[Dataset records]
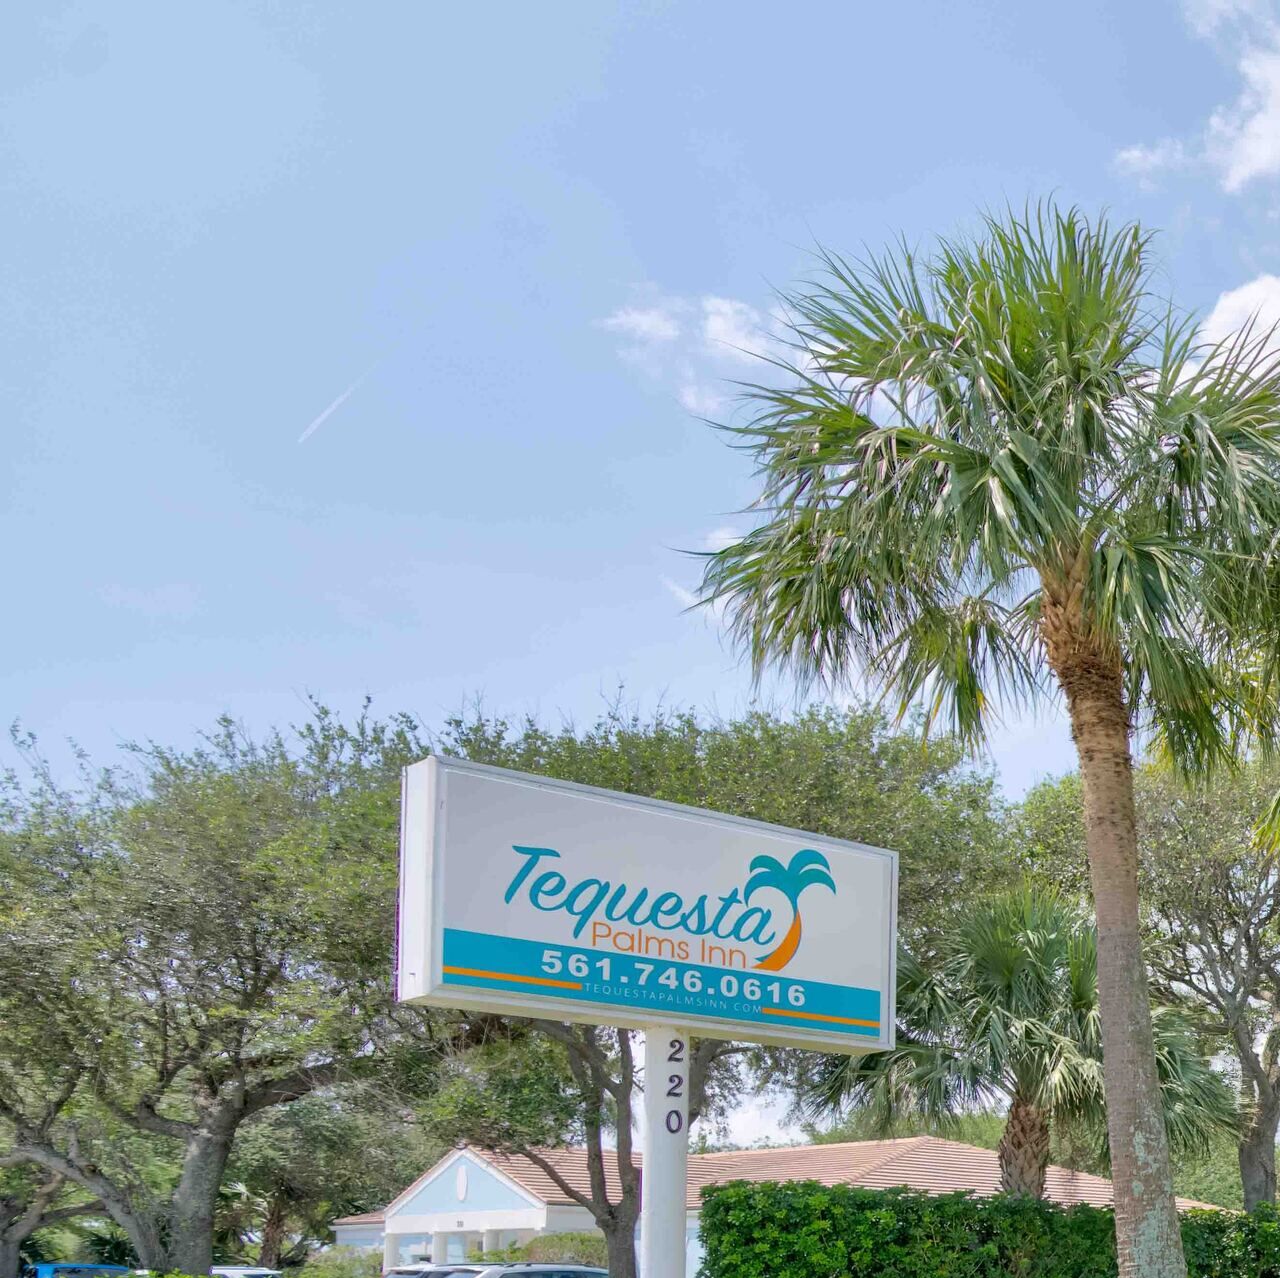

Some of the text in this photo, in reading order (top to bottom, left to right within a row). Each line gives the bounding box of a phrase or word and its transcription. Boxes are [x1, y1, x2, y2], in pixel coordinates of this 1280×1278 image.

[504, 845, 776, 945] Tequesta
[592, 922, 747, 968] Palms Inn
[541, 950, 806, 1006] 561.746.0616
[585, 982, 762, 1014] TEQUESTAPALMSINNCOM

[WHAT IS REQUIRED]
Each record above is to be returned unchanged, while any picture it holds stays out.

[REPLY]
Some of the text in this photo, in reading order (top to bottom, left to right within a row). Each line gives the bounding box of a phrase or word and its transcription. Boxes are [x1, y1, x2, y2], in pixel coordinates of this 1280×1278 image.

[504, 845, 776, 945] Tequesta
[592, 922, 747, 968] Palms Inn
[541, 950, 806, 1006] 561.746.0616
[585, 982, 762, 1014] TEQUESTAPALMSINNCOM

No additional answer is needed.